SEATTLE - The company that hopes to build the Keystone XL
pipeline to carry crude oil from Canada to the Gulf Coast asked the Obama
administration Monday to delay its review of the proposal - a striking turn
that adds further uncertainty to a project that has triggered bitter debate
since it was proposed seven years ago.
The company, TransCanada, made its request in a
three-paragraph letter to Secretary of State John Kerry, citing legal
challenges that have prompted the company to change tactics.
"TransCanada believes that it would be appropriate
at this time for the State Department to pause in its review of the
presidential permit application for Keystone XL," the company wrote.
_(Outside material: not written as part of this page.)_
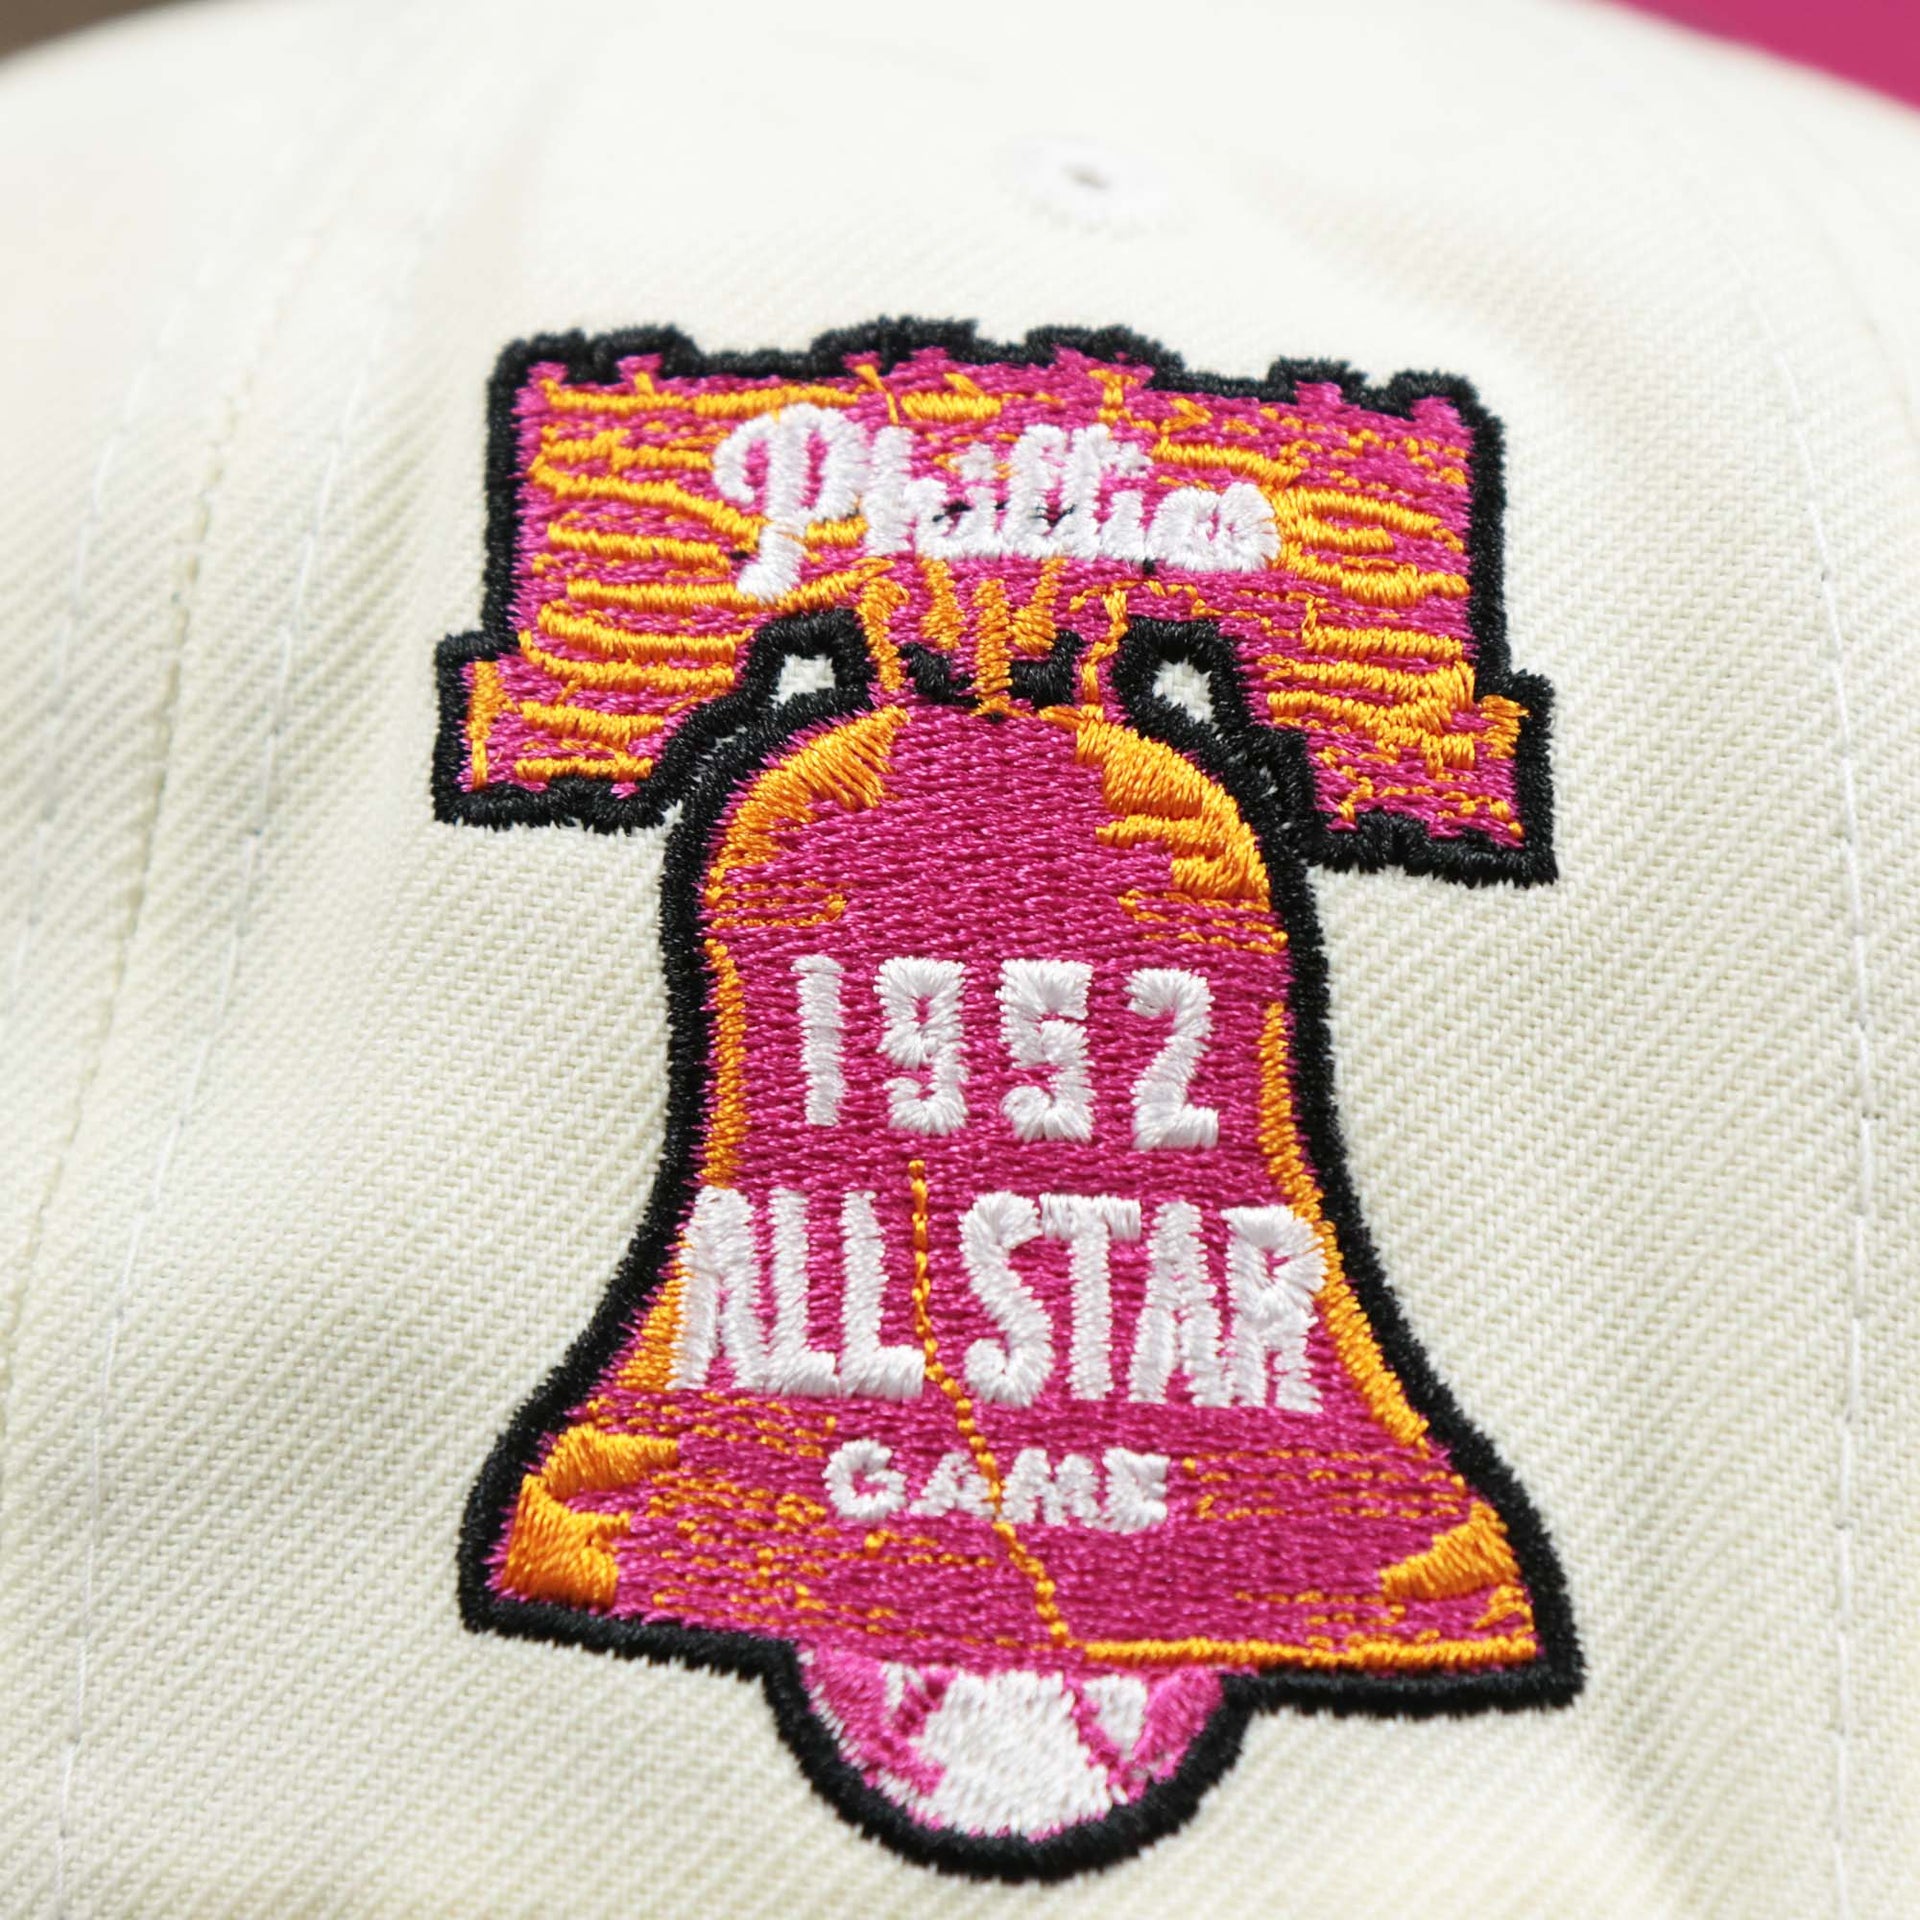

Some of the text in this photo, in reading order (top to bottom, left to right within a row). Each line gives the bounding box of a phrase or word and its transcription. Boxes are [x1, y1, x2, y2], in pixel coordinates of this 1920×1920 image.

[790, 954, 1219, 1151] 1952
[665, 1185, 1327, 1414] ALL STAR
[823, 1438, 1171, 1535] GAME
A State Department official said the agency was reviewing
the request.
The request could make it more likely that the Obama
administration, which has mulled over the proposal throughout the president's
two terms and appeared increasingly inclined to reject the pipeline, will leave
the matter to whoever is elected in 2016.
It also reflects a remarkable turnabout by TransCanada,
which has spent years complaining of delays in the process only now to request
one itself.
Spokesman Mark Cooper said TransCanada was not
withdrawing its application. Instead, he said, "we are asking the State
Department to suspend a decision."
Last month, after meeting stiff resistance from
landowners in Nebraska, TransCanada decided to withdraw its plans to use a
special state law that would allow the company to use eminent domain to seize
land for its preferred pipeline route. The company instead applied for a permit
through the Nebraska Public Service Commission, a process that could take a
year.
The Keystone XL pipeline would carry more than 800,000
barrels of crude oil a day from the tar sands of Alberta, Canada, across the
U.S. border south to Gulf Coast refineries. Because the pipeline would cross an
international border, the State Department must review it. President Obama had
said that he would make the final decision.
Supporters say the project would boost jobs and
contribute to energy security. Environmentalists contend that the pipeline
would increase emission of greenhouse gases.
The price of oil has plummeted dramatically since the
pipeline was proposed, and the industry has pulled back from many large
projects. Royal Dutch Shell recently announced it would abandon its effort to
drill for oil in the Arctic Ocean "for the foreseeable future."